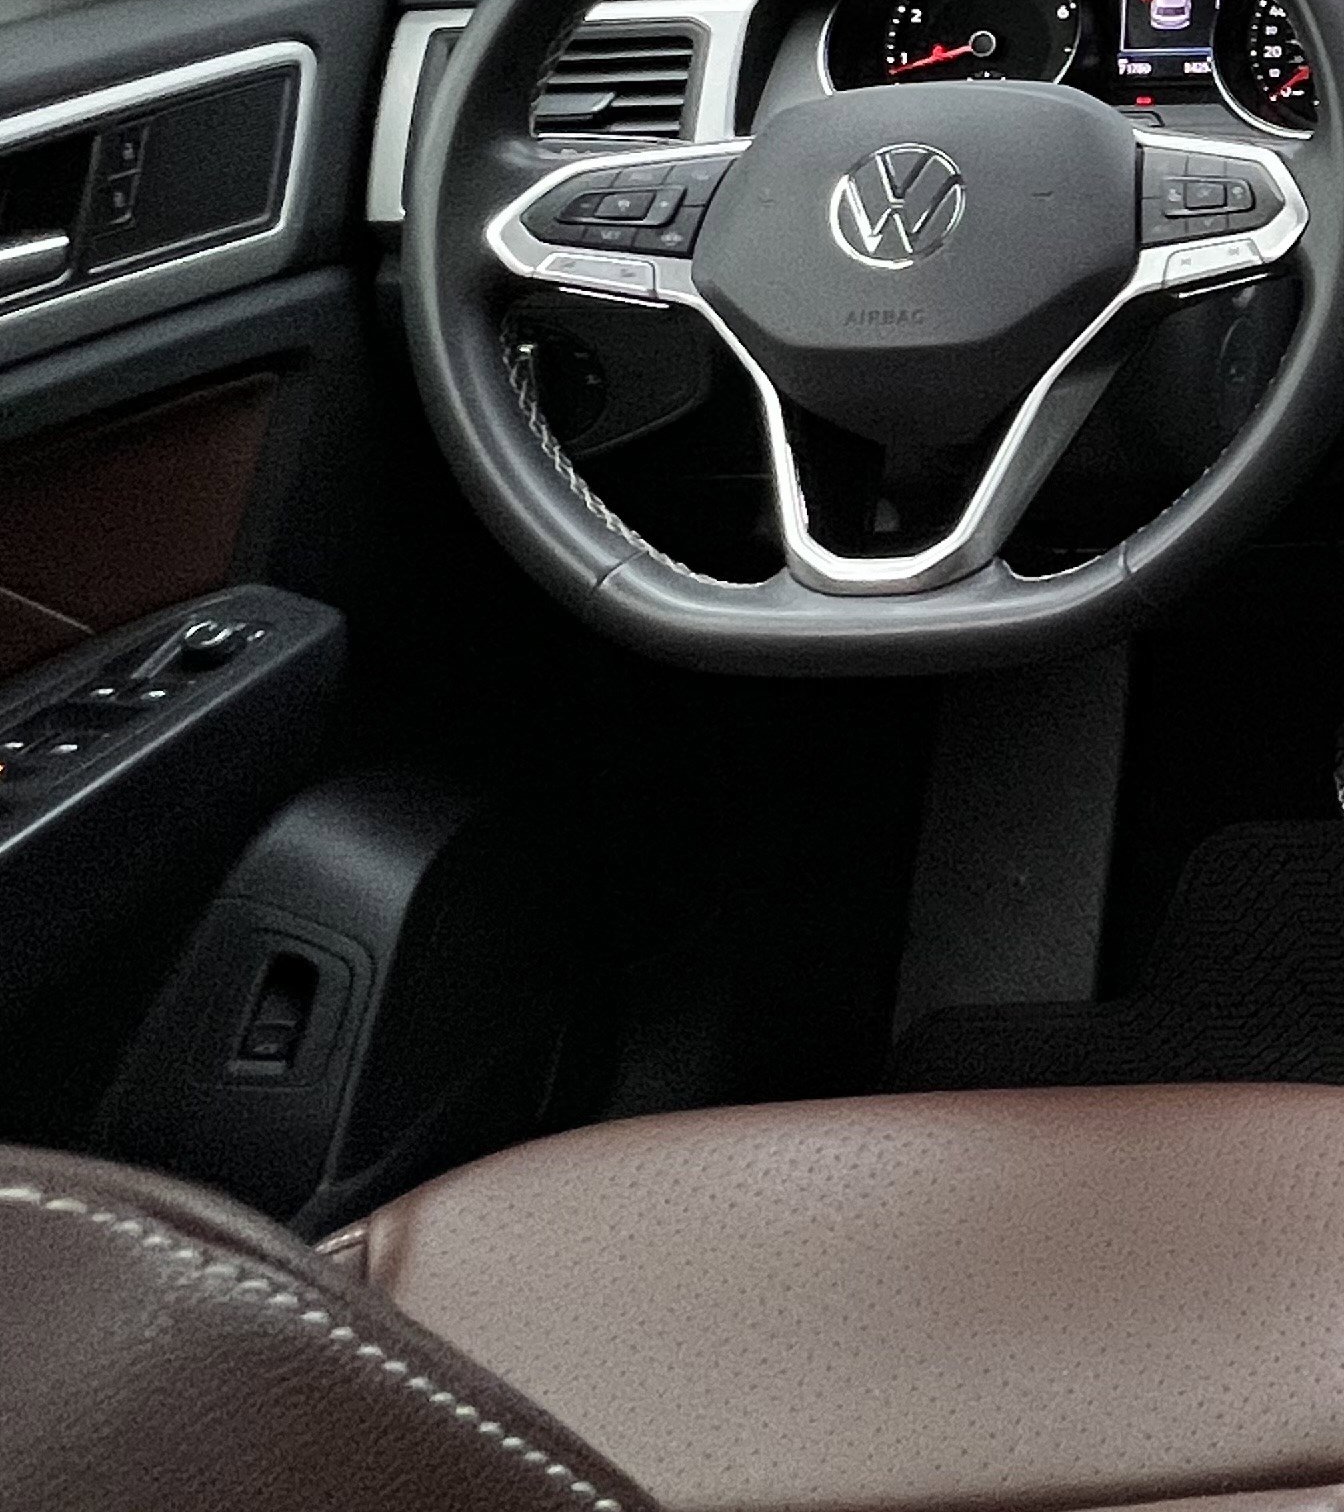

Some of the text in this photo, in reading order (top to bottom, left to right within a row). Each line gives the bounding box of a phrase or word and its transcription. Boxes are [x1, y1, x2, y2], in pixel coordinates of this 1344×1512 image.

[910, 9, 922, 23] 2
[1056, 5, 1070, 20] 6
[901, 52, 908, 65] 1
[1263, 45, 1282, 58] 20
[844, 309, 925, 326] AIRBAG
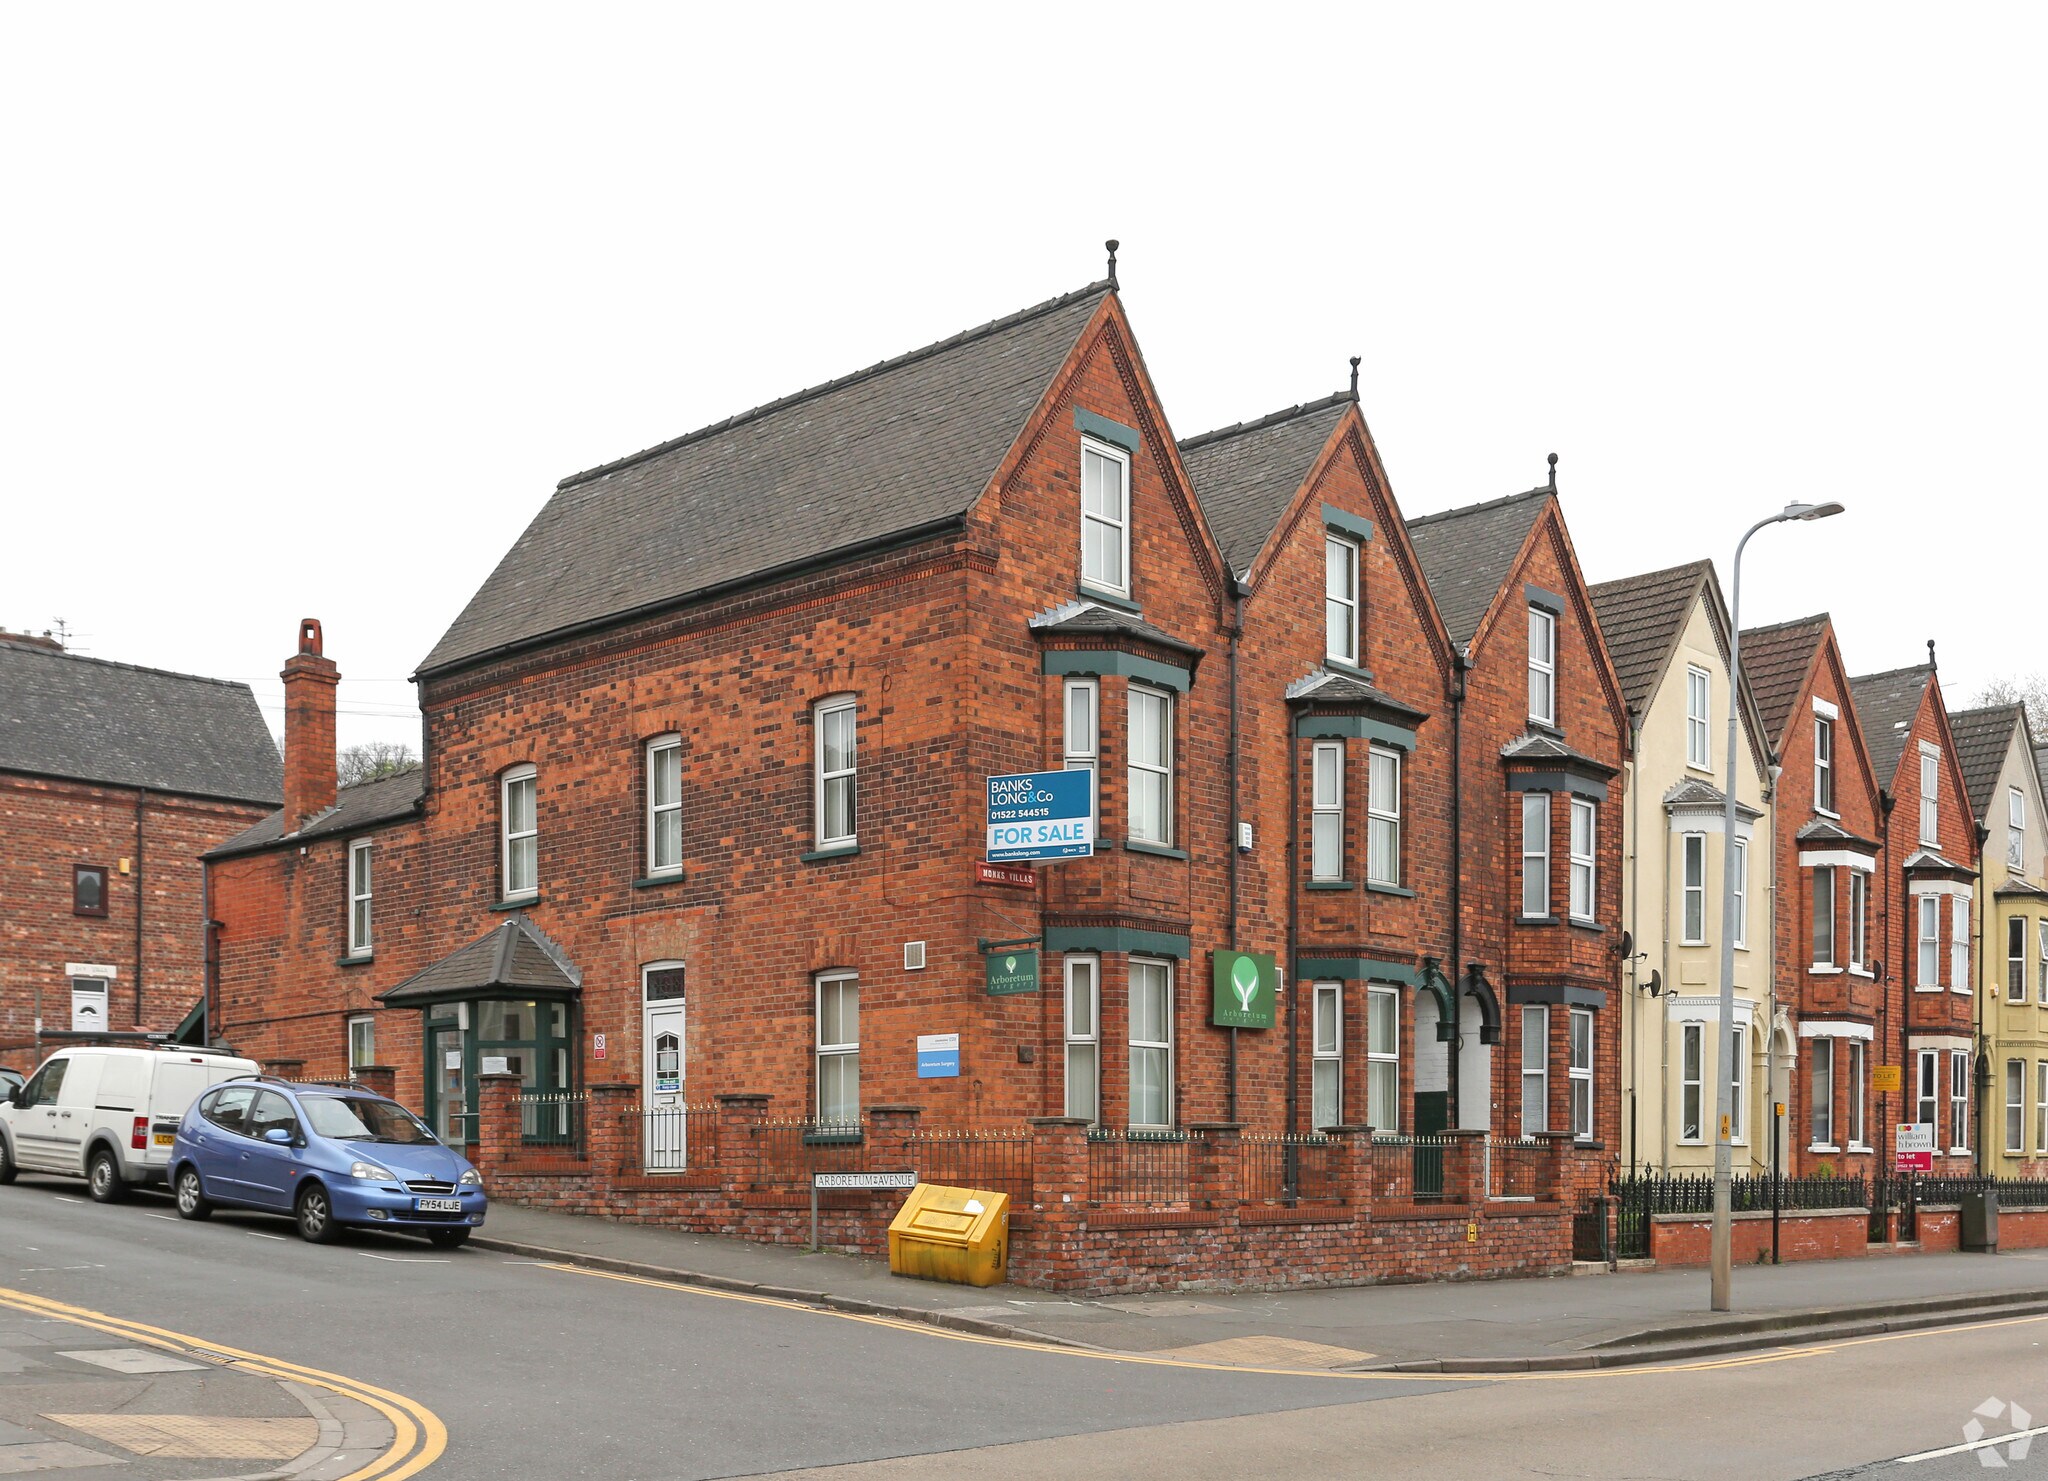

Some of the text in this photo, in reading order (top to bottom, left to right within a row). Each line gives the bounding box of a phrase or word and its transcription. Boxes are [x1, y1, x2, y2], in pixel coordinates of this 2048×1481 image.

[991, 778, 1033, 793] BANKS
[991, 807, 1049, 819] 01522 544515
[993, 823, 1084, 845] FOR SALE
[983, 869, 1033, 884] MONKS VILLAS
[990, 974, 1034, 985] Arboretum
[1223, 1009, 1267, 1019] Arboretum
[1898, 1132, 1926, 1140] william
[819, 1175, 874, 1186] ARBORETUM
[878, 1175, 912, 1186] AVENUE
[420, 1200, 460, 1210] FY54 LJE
-------------------------
Task description:
The entries above should be retyped exactly, minus any pictures.

Final answer:
Some of the text in this photo, in reading order (top to bottom, left to right within a row). Each line gives the bounding box of a phrase or word and its transcription. Boxes are [x1, y1, x2, y2], in pixel coordinates of this 1344×1512 image.

[910, 9, 922, 23] 2
[1056, 5, 1070, 20] 6
[901, 52, 908, 65] 1
[1263, 45, 1282, 58] 20
[844, 309, 925, 326] AIRBAG

Some of the text in this photo, in reading order (top to bottom, left to right within a row). Each line gives the bounding box of a phrase or word and its transcription. Boxes are [x1, y1, x2, y2], in pixel coordinates of this 2048×1481 image.

[991, 778, 1033, 793] BANKS
[991, 807, 1049, 819] 01522 544515
[993, 823, 1084, 845] FOR SALE
[983, 869, 1033, 884] MONKS VILLAS
[990, 974, 1034, 985] Arboretum
[1223, 1009, 1267, 1019] Arboretum
[1898, 1132, 1926, 1140] william
[819, 1175, 874, 1186] ARBORETUM
[878, 1175, 912, 1186] AVENUE
[420, 1200, 460, 1210] FY54 LJE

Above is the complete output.